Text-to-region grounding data

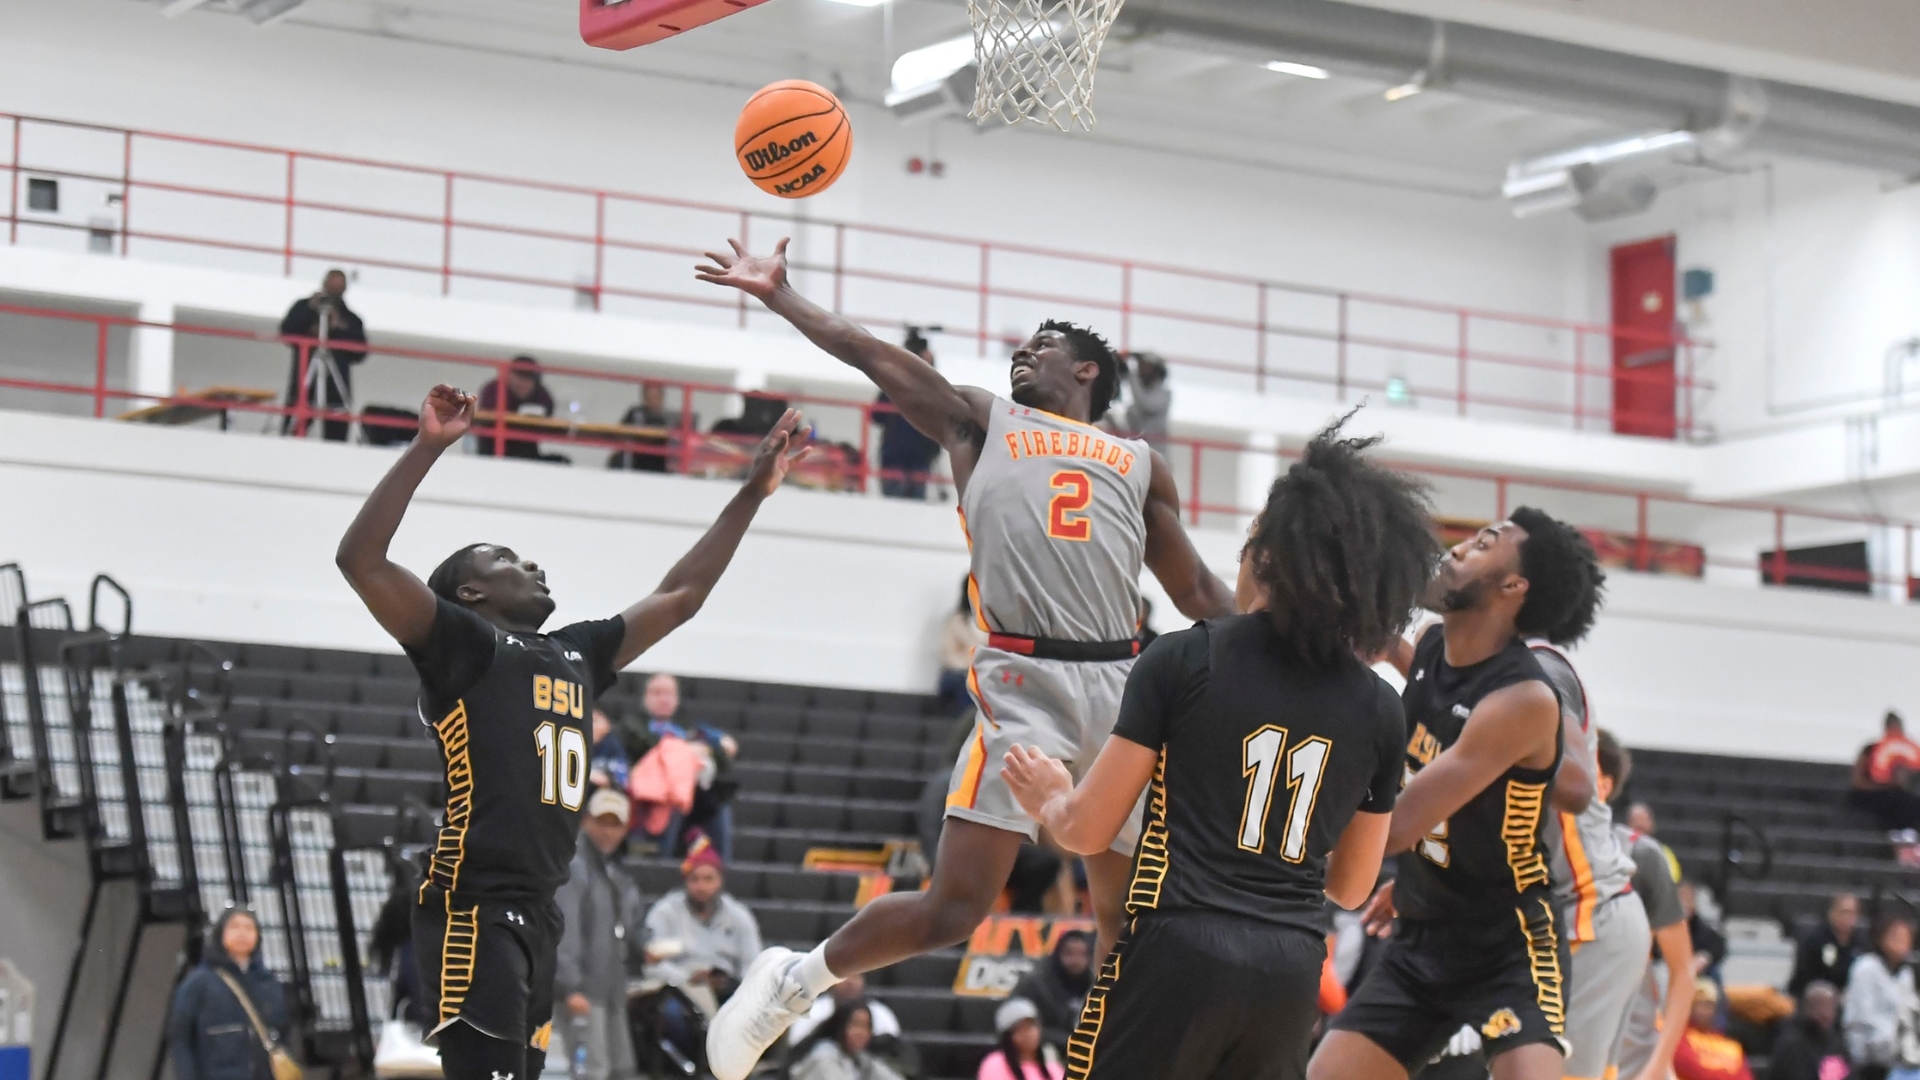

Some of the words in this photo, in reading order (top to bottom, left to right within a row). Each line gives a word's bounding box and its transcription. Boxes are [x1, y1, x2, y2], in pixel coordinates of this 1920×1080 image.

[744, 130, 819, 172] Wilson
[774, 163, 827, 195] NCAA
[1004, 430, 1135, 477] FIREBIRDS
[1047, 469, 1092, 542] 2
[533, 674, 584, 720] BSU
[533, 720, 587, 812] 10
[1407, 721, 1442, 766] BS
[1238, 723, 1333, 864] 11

*What is needed*
Go through the lines above and write each one out verbatim, skipping the pictures.

*Problem solution*
Some of the words in this photo, in reading order (top to bottom, left to right within a row). Each line gives a word's bounding box and its transcription. Boxes are [x1, y1, x2, y2], in pixel coordinates of this 1920×1080 image.

[744, 130, 819, 172] Wilson
[774, 163, 827, 195] NCAA
[1004, 430, 1135, 477] FIREBIRDS
[1047, 469, 1092, 542] 2
[533, 674, 584, 720] BSU
[533, 720, 587, 812] 10
[1407, 721, 1442, 766] BS
[1238, 723, 1333, 864] 11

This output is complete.